Another time, it occurred to Naomi that she could leave. Very quickly, unobtrusively, get to her feet and hurry up the aisle and disappear out of the Armory, find a taxi to take her back to her hotel . . .
She would call Darren, just to hear his voice. She would laugh with Darren, reminiscing about Katechay Island. Their impossible mother! Was Ms. Matheson some relative of yours? Are you all related?
No one but Darren with whom she might laugh, laugh until she was exhausted. Both of them sobbing with laughter. Are you all related?
Fifth round, the boxers got tangled in each other’s legs. Amid a clinch Elka struck furiously at Dunphy’s lower back (was this a foul? kidney-punching?), grabbed at Dunphy’s muscled shoulders, and Dunphy wrenched herself back to get leverage to strike at Elka’s (lowered) head, and suddenly, comically—the two women had fallen to the canvas, and the crowd erupted into laughter as the annoyed referee commanded them: “On your feet. On your feet.”
Almost, Naomi thought she’d heard the referee say ladies.
On your feet ladies. Mocking, muttered.
Or—had she imagined this?
Badly she wished that Luther Dunphy’s daughter would be knocked down, humiliated—lose this terrible fight. Yet, she did not really want either of the boxers to be seriously hurt.
Especially she did not want Pryde Elka—(could that really be he
r name? Pryde Elka?)—to be hurt, and to lose. She had read that Elka was the divorced mother of two young children, one of whom was “severely autistic”; she was a factory worker in Electra, Illinois; she’d begun boxing intermittently at the age of seventeen and had had two title fights (which she’d lost); the previous year she’d acquired a new manager and new trainer and was embarked now upon a “comeback campaign.”

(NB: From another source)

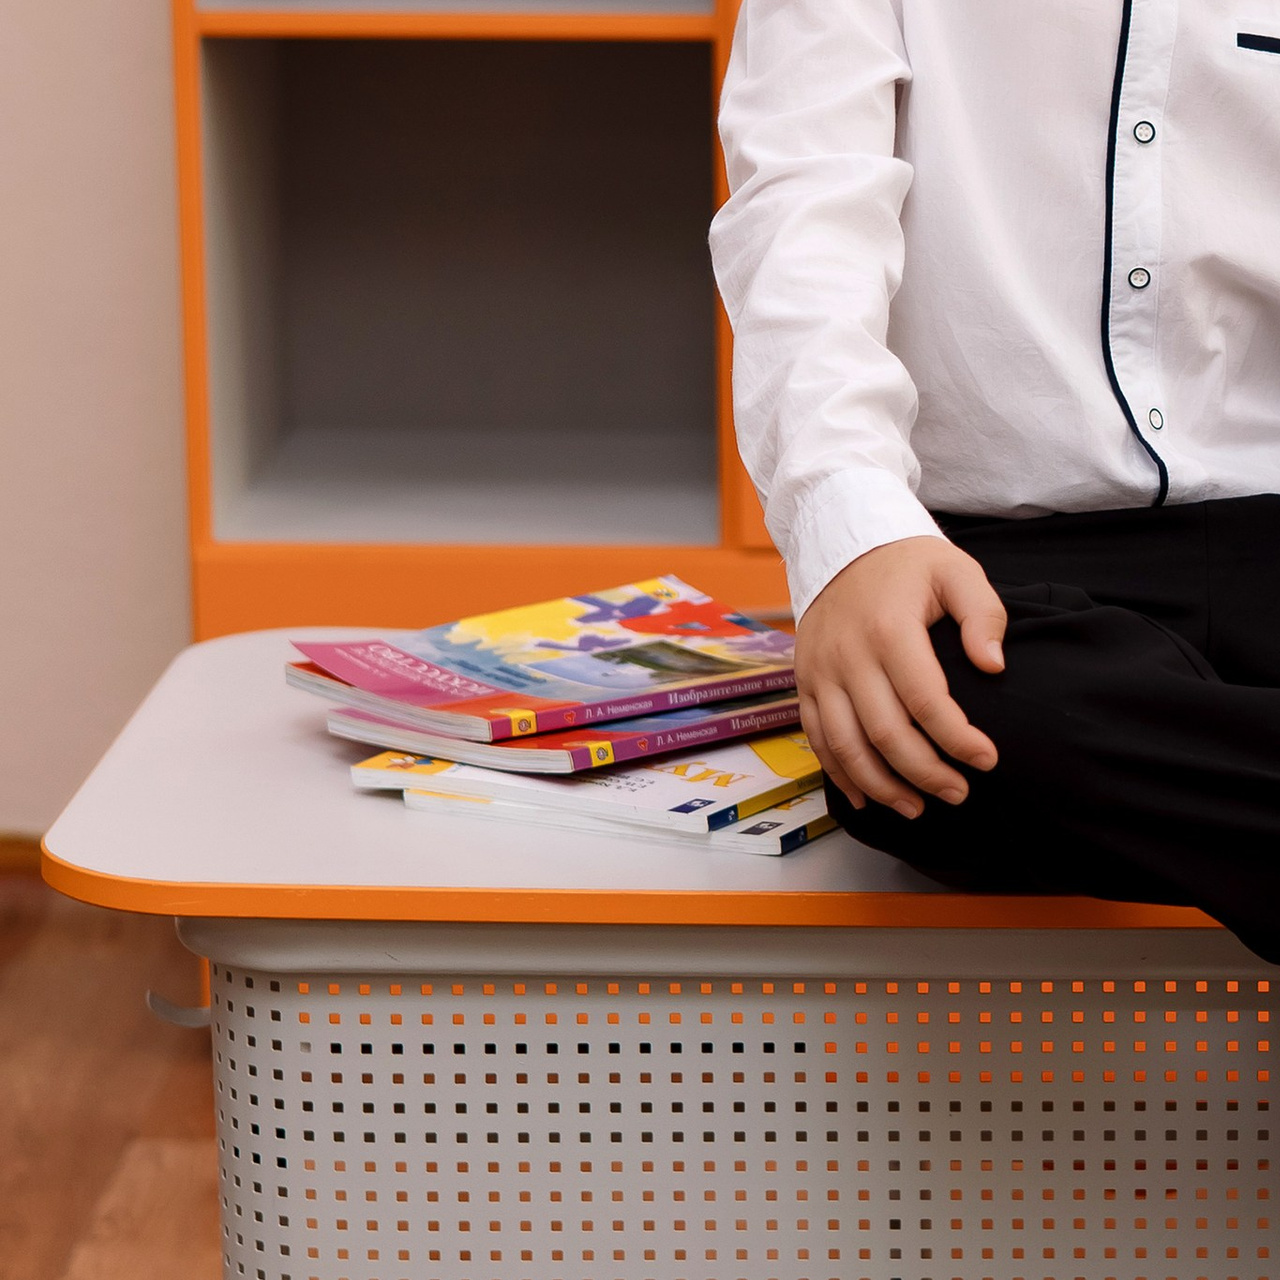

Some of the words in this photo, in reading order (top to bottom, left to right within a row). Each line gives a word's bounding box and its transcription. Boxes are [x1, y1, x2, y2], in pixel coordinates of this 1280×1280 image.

(Some online sources challenged Pryde Elka’s affiliation with the Shawnee Nation. But these were vigorously denied by Elka’s handlers.)
Information about D.D. Dunphy was sparse. You would not have known that Dunphy was the daughter of a notorious murderer executed in Ohio in 2006. Apart from her boxing record all that was claimed for “The Hammer of Jesus” was that she was active in the Zion Missionary Church in her hometown Dayton, Ohio.
Eight rounds! The strain was near-unbearable.
At last the fight was ending. Both boxers appeared exhausted. In the closing seconds Dunphy continued to hammer at Elka who tried to clutch and clinch and (another time) head-butt—but Dunphy was shrewd enough now to avoid being struck in the face by the other’s head.
Through the fight Elka had moved about the ring far more agilely than Dunphy who’d remained flatfooted, relentless as a landslide. Of the two boxers it was Dunphy whose face was the more battered; her nose was bloody, her right eye swollen shut. How grotesque the quasi-glamorous swaths of color in her hair, the lurid gleaming tattoos on her upper arms! (Naomi had only just noticed a tattoo on Dunphy’s back, just below the nape of her neck—looking like Jesus Is Lord.) She was feeling a hostility for D.D. Dunphy that was near-overwhelming, visceral as nausea.
Bell rang! Naomi could breathe. The terrible ordeal was over, she would never subject herself to anything like this again.
Lifting her camera, taking pictures. No one objected, no one noticed. She would record “The Squaw” Pryde Elka barely able to lift her gloved hands in a simulation of boastful victory—“Hammer of Jesus” D.D. Dunphy stunned-seeming (not comprehending that the fight was over?) wiping blood out of her eyes as her handlers hurried to her.